Durante décadas, la historia de la República Francesa ha experimentado la ambigüedad liberal de querer incorporar al pueblo a un régimen representativo estable, garante de las libertades individuales, a riesgo de perder el movimiento popular en defensa de sus derechos.
Además, las pocas veces que se pidió a la gente que hiciera oír su voz, dieron carta blanca a Robespierre y a Napoleón, considerados como auténticos tiranos. Por otra parte, para compensar la legitimación tradicional del poder, era necesario fundar una legitimación basada en un nuevo elemento, la voluntad general.
Por lo tanto, había un dilema, el de tener que reconciliar la idea de soberanía popular (el número) con la de una voluntad general y racional (la razón); la democracia exigía el voto del mayor número posible de votantes, mientras que la razón exigía su limitación.
La solución se encontró en el tiempo de algunas décadas, en ese camino en el que la República echó raíces desde 1870 y entró en un pacto que, a excepción del paréntesis del régimen de Vichy debido a la derrota militar, nunca se disolverá.

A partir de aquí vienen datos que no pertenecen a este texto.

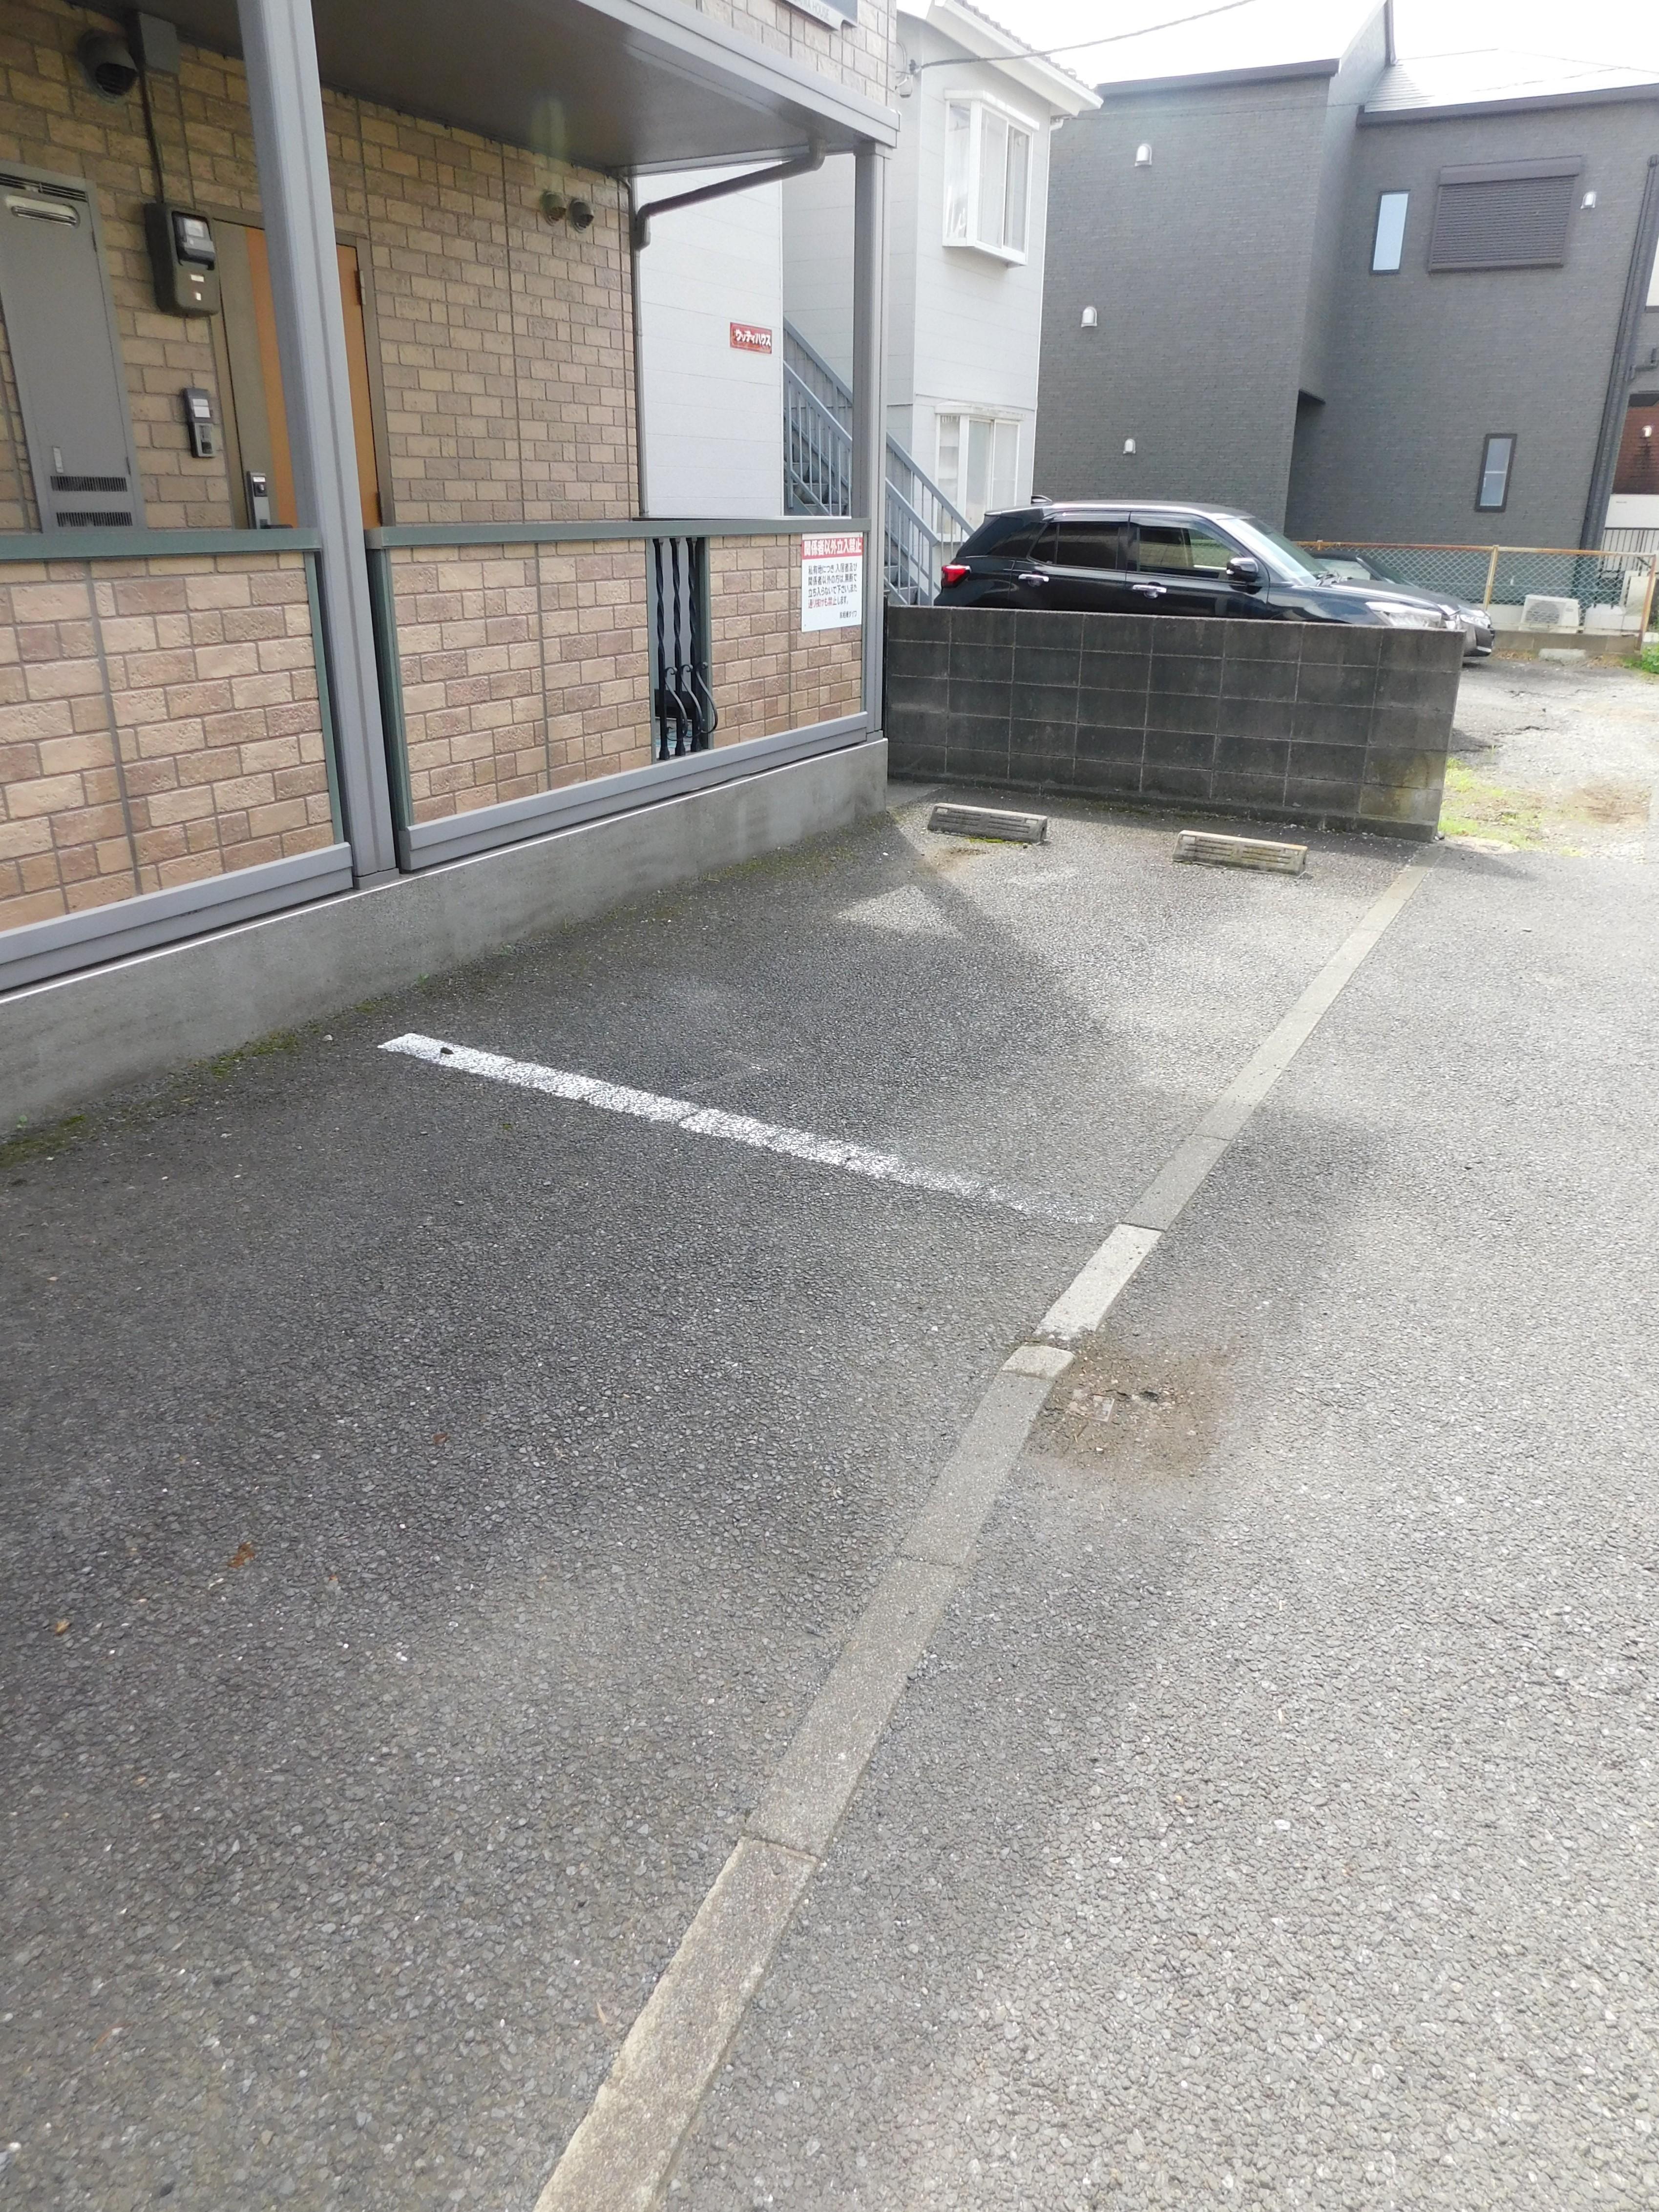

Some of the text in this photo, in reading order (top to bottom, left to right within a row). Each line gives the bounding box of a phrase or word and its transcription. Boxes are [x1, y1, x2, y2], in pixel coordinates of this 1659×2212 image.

[811, 1, 829, 21] HOUSE
[804, 538, 861, 556] 関係者以外立入禁止

Este pacto se basaba en la idea de Ferdinand Bouisson, quien en 1903 declaró: «El primer deber de una República es hacer republicanos. Para llegar a ser republicano es necesario tomar al ser humano, a un niño o al hombre más inculto y darle la idea de que debe pensar por sí mismo, que no debe creer ni obedecer a nadie, que le corresponde buscar la verdad y no recibirla hecha.”

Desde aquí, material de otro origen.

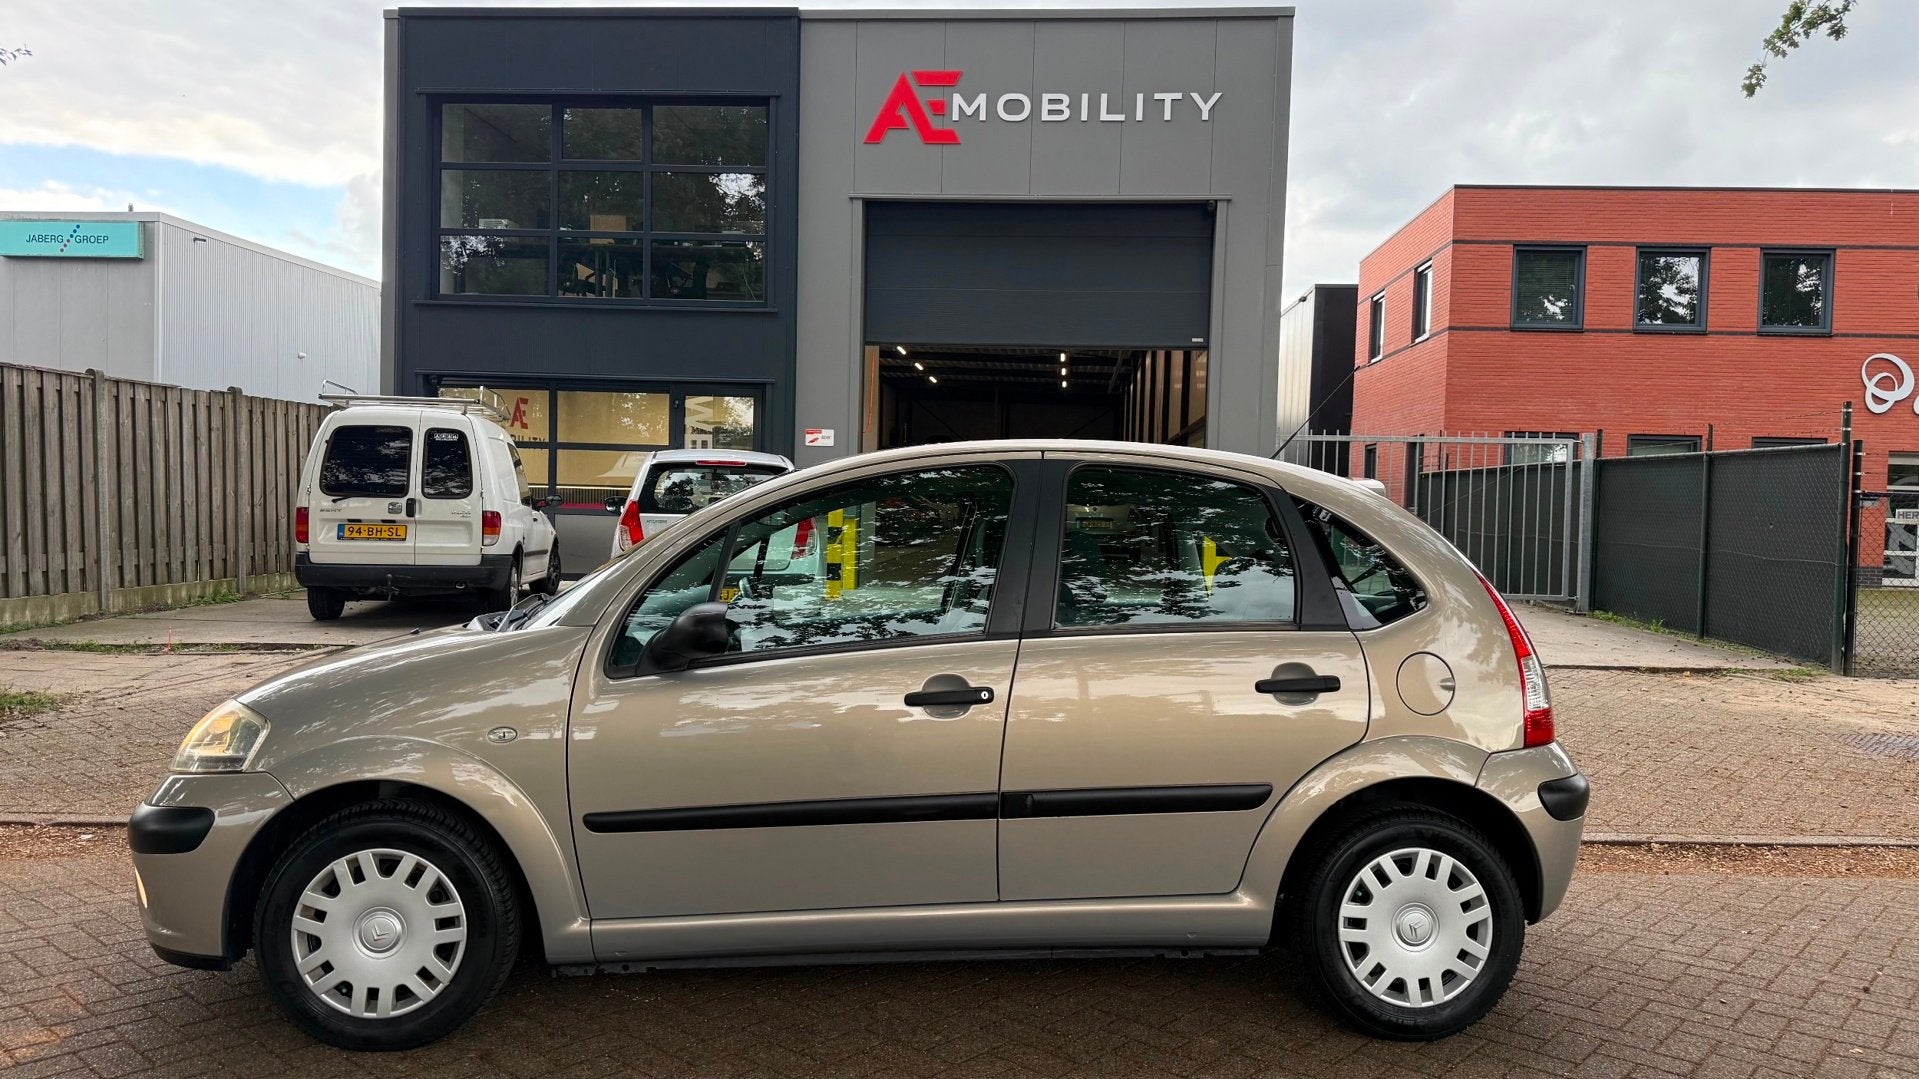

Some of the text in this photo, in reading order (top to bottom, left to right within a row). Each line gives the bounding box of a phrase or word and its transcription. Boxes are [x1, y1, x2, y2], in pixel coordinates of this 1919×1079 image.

[951, 92, 1223, 122] MOBILITY
[25, 234, 109, 244] JABERG GROEP
[347, 526, 402, 537] 94-BH-SL

Unas décadas antes, al comienzo de la Tercera República, Jules Ferry fundó la escuela, consciente de que sólo formando republicanos podría luchar contra el oscurantismo de la monarquía, la Iglesia y las tiranías. El número, la masa, tenía que ser sacado (e-ducare) de la ignorancia, la superstición y hacer de él un votante «razonable». Leer, escribir, contar, permitir el acceso al mundo, a la sociedad, y por lo tanto a una de las palancas del poder, la información.

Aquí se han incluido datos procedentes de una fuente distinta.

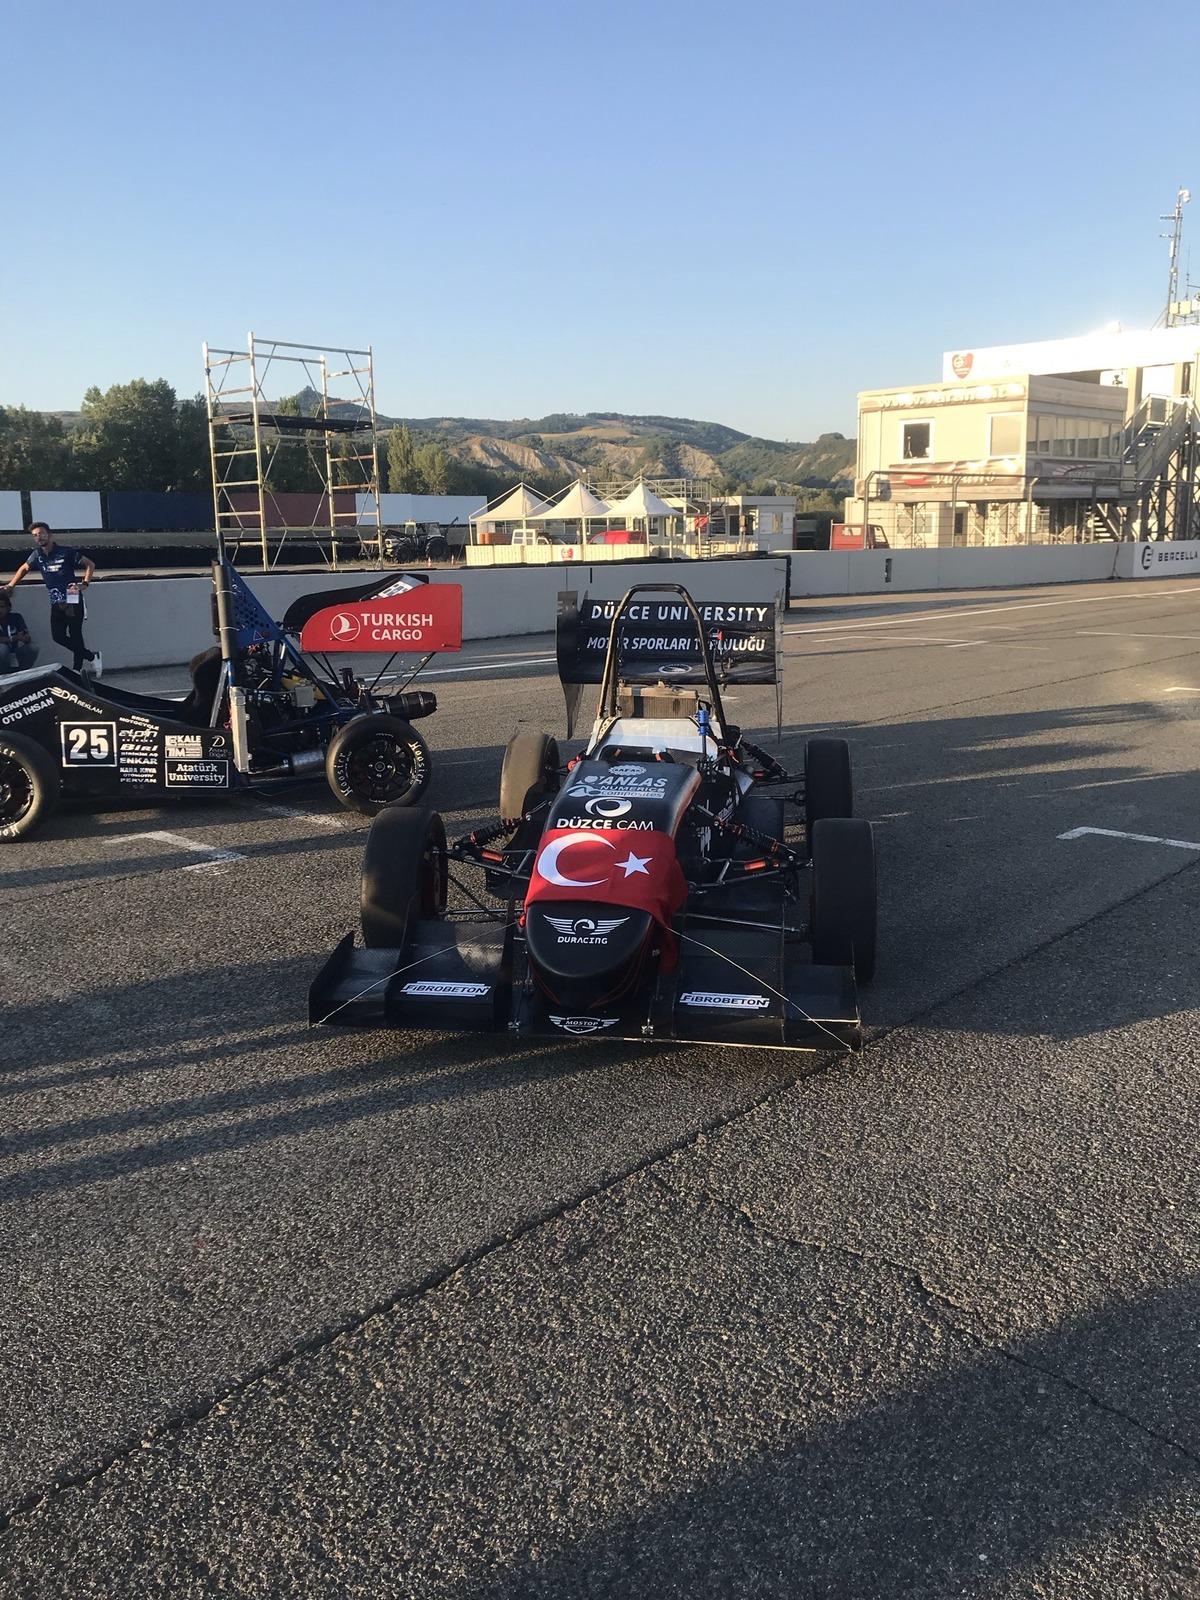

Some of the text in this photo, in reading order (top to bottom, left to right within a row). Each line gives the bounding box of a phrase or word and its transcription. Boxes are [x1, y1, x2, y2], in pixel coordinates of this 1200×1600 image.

[1158, 551, 1198, 561] BERCELLA
[361, 613, 433, 627] TURKISH
[372, 629, 423, 641] CARGO
[632, 637, 691, 650] SPORLARI
[2, 711, 23, 725] OTO
[68, 728, 109, 760] 25
[178, 735, 202, 743] KALE
[119, 757, 158, 765] ENKAR
[176, 763, 218, 772] Atatürk
[168, 772, 225, 785] University
[598, 776, 668, 787] ANLAS
[556, 816, 654, 831] DÜZCE CAM
[557, 936, 609, 945] DURACING

Volviendo a hoy el escenario parece repetirse, pero nuestro Estado, que periódicamente se olvida de ser República, ha olvidado por completo la tarea de formar al ciudadano y su espíritu crítico a través de la educación, dejando que el simple e irracional «pensamiento mágico» sustituya a las luces del pensamiento científico y su complejidad, preludiando a las aclamaciones de los salvadores de la patria; cómplices de décadas de televisión comercial y de entretenimiento que han propuesto modelos antipolíticos e individualistas, nuestro Estado, marginando a la escuela, ha abandonado al ciudadano a sí mismo, a su smartphone y al océano de información que transmite, permitiendo que se desaten sus reacciones emocionales, careciendo tanto de las herramientas para «leer» la realidad como de las herramientas para expresar sus necesidades.
La democracia es una fórmula muy delicada que, como enseña Aristóteles, puede degenerar en oclocracia y luego en tiranía cuando no se forman ciudadanos conscientes.
No encuentro la solución de restringir al electorado a una prueba de comprensión (que debería ser la «prueba de madurez») para obtener la tarjeta electoral que sea previsora y efectiva, de lo contrario nos enfrentaríamos a una oligarquía, y también sería una vuelta al privilegio; ni tampoco sería al revés restringir el electorado sólo a aquellos que forman parte de la «democracia en red», la nueva tiranía del algoritmo.
Aprender a evaluar la fiabilidad de la fuente, a contextualizar la información, junto con una crítica (si no rechazo) de los medios sociales como herramienta de diálogo y como fuente de información: lo que necesitamos difundir no son sólo conocimientos, ahora fácilmente accesibles, sino sobre todo herramientas para comprender, evaluar el conocimiento y la información, dotando al ciudadano de un filtro entre sus miedos y su smartphone, de forma que el «número» sea razonable.